Read This Post, Win Bar Bets

Next time you're knocking back a few Diet Red Bulls and vodka at Sonny's and someone brings up, as they always do, the location and date of the creation of the World's Largest Finger Painting, and they bet you you can't guess where it was, you can tell them it was New Paltz, a few weeks ago. Then whip out the Guinness Book of World Records and do a sort of victory dance because you? How often do you win something?

And oh yeah, we helped.







Saturday, October 20, 2007

RIP, Our Gruff Cousin, the Bear

From time to time, a bear will wander through an area neighborhood, get treed by someone's cockapoo, knock down all the garbage cans on the street, eat the last pork chop off the grill, and go back into the woods to sleep it off. As mentioned before, where we used to live — about twenty-five minutes south of here — one wandered into our back yard the Friday before Labor Day, upsetting us as we sipped summer's last gins and tonic.

Last week, a couple of miles from there, a hunter shot a bear that will likely set the archery record for a bear in New York State. It weighed 626 pounds and was about seven feet long. Here's essentially how he did it. He got his bear license, waited for the first day of bow-hunting season, wandered out into his back yard, followed the bear into the woods, and gave it the ol' twangeroo.

On the one hand: "'[The bear] usually came out during the time that the kids got on the bus, so it was kind of scary,' Joy said."

On the other hand: "...[He] came within 45 feet of the bear, which was busy eating acorns and berries....[and] released an arrow that pierced its heart and lung."

Tuesday, October 16, 2007

Reason #458

My neighbor and I were daubing the last bit of sealant on the shared driveway, under his direction. I leaned on my broom a little too hard, it snapped, and thworlp! my forearm was coated with viscous, lukewarm tar.

"You're fired," he said.

Now, I've talked about my skill with tools in the past; on the spectrum of general handiness, I'm sort of a five out of ten. The bulky things come easiest. I'm good with stone walls, as long as you don't want them ruler straight, and I'm a decent digger. I have little patience for the detail work, which includes such things as measuring, masking, working slowly, planning. As I said in a recent post, I only learned one knot in all my scouting years.

But none of that matters. Because no matter how bad—or at least not great—I am at other things, I can still run. Perhaps because the skill was so hard to earn, or because it was something that seemed so alien to me for so long, putting a few miles together still feels like an achievement, every time.

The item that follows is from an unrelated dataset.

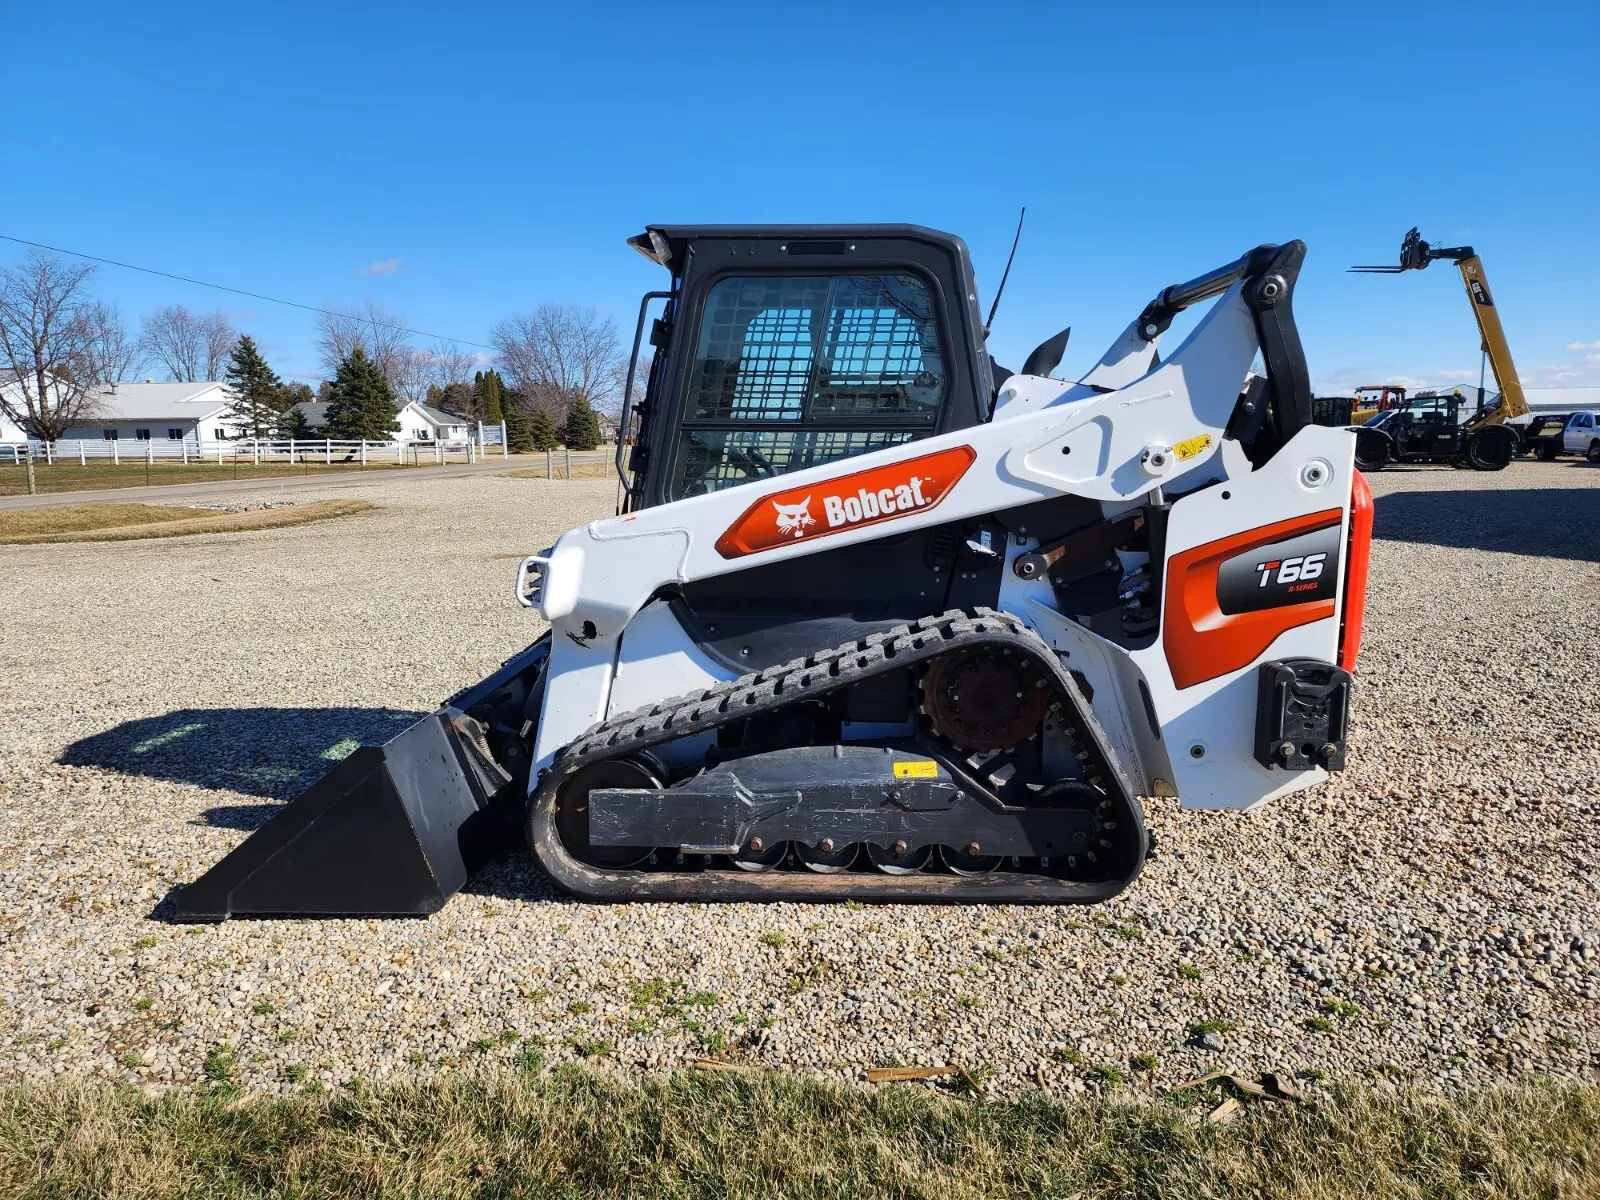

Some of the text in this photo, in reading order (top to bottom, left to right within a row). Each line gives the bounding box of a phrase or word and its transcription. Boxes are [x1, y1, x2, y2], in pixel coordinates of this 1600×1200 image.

[823, 476, 926, 528] Bobcat
[1257, 553, 1326, 587] T66
[1288, 582, 1318, 592] R-SERIES

In the rigid world of times and scoring, I'm about as good a runner as I am a house-painter. But while I look at any given paint job and see where I should have applied some tape, I remember every race as though I broke the tape. Like air guitar or karaoke, you don't have to actually be good at running in order to feel good about your skill level.

First prize for my age group is still safe in some other runner's hands. My times may not improve. That's okay. Because when I change out of my synthetic gear and put on leather shoes and go off to test my competence in other arenas, there's always this quiet spot right at the center, a place I can mentally put my finger on and say "I'm good at this."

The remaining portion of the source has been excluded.